Beginning this month, the UK's National Health Service will open up all patient records in its system for medical research, The Guardian reports.
Under this model, all patients enrolled in the NHS system — around 52 million people — "will become a research subject by default, their anonymized records being made available for study, unless they opt out," The Guardian says.
The NHS National Institute for Health Research has partnered with the Medicines and Healthcare Products Regulatory Agency to launch a new service called the Clinical Practice Research Datalink that will manage the use of medical records for research projects. Scientists who want to mine information in patient records must register through CPRD for approval by an independent scientific advisory committee. If approved, CPRD pulls the required records, performs the scientist's query, and delivers the anonymized results.

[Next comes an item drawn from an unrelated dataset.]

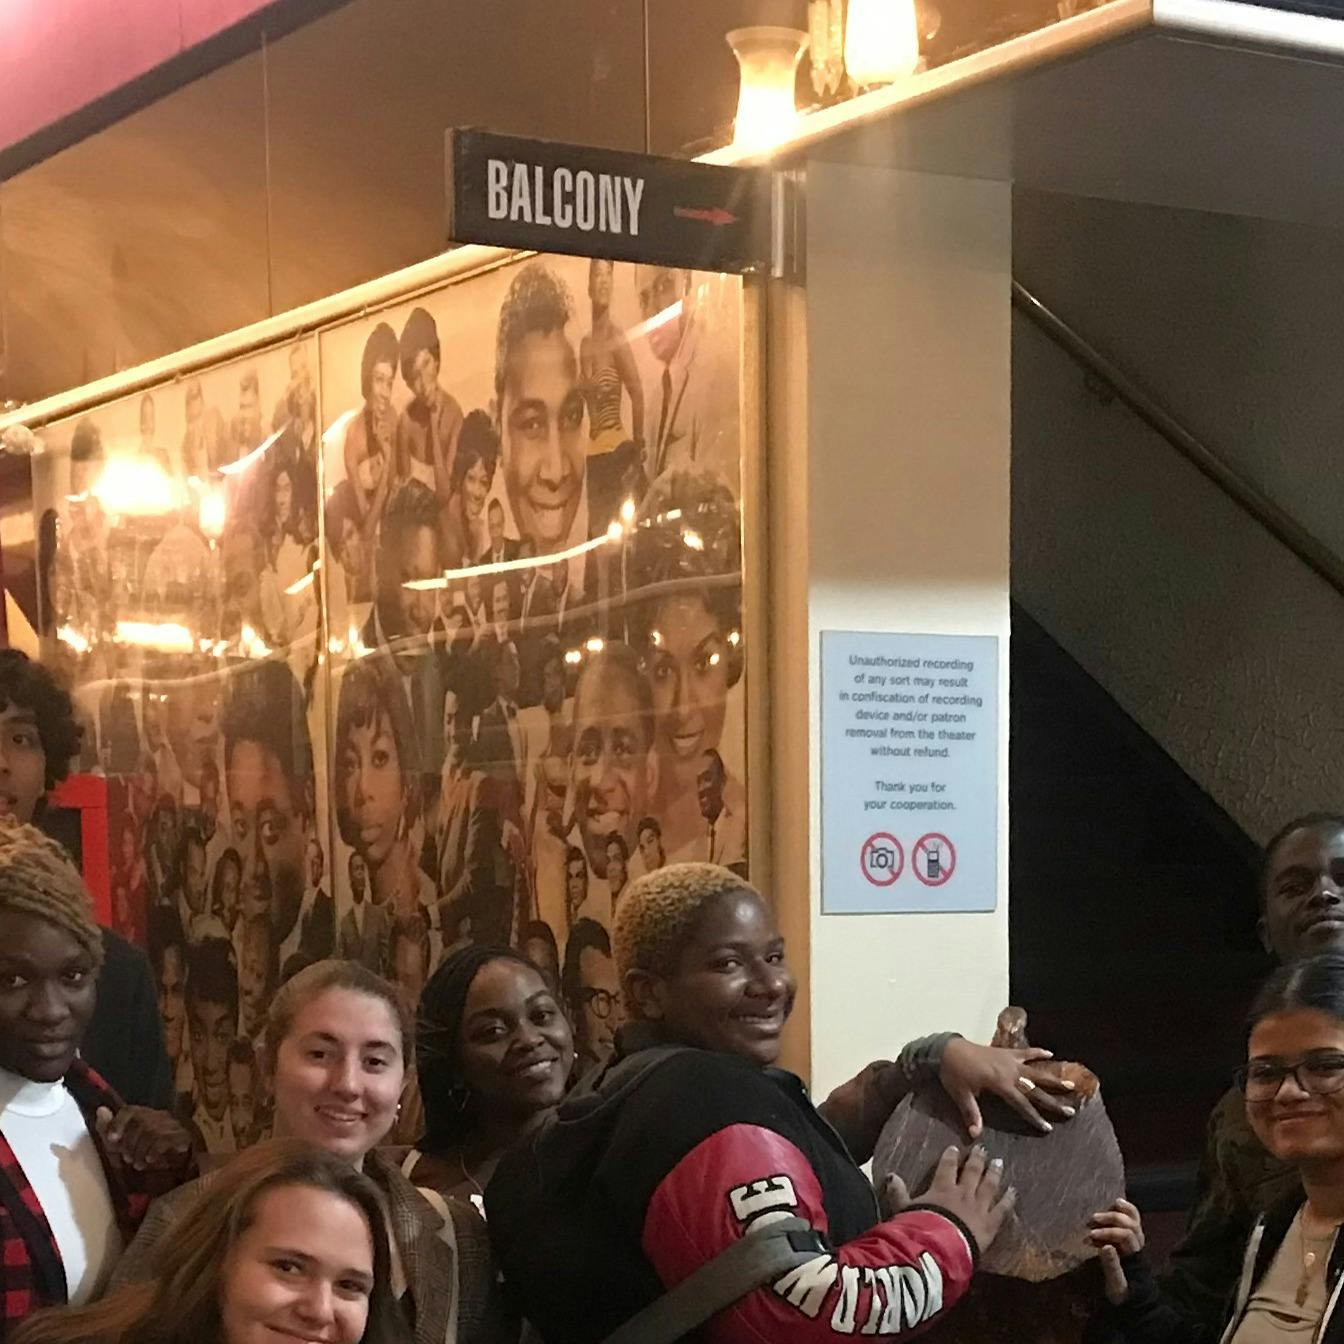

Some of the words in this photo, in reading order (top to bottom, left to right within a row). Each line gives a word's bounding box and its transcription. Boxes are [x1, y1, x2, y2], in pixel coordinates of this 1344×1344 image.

The UK's Foundation for Genomics and Population Health notes that the new model will require changes in the NHS constitution "to allow presumed patient consent."
According to The Guardian, the new system isn't just about improving healthcare through improved access to patient records: The UK government plans to charge companies for access to the data. "The MHRA will charge industry double the academic rate, with private companies paying about £50,000 to £100,000 [$80,000 to $160,000] a study, depending on how much record linking needs to be done," the paper reports. "The system can only be used for medical research, so drug companies cannot use CPRD for marketing, for example, by tracking down GP surgeries that are not prescribing their medicines."
In addition, all projects that use CPRD data "must be made public, usually through published journals."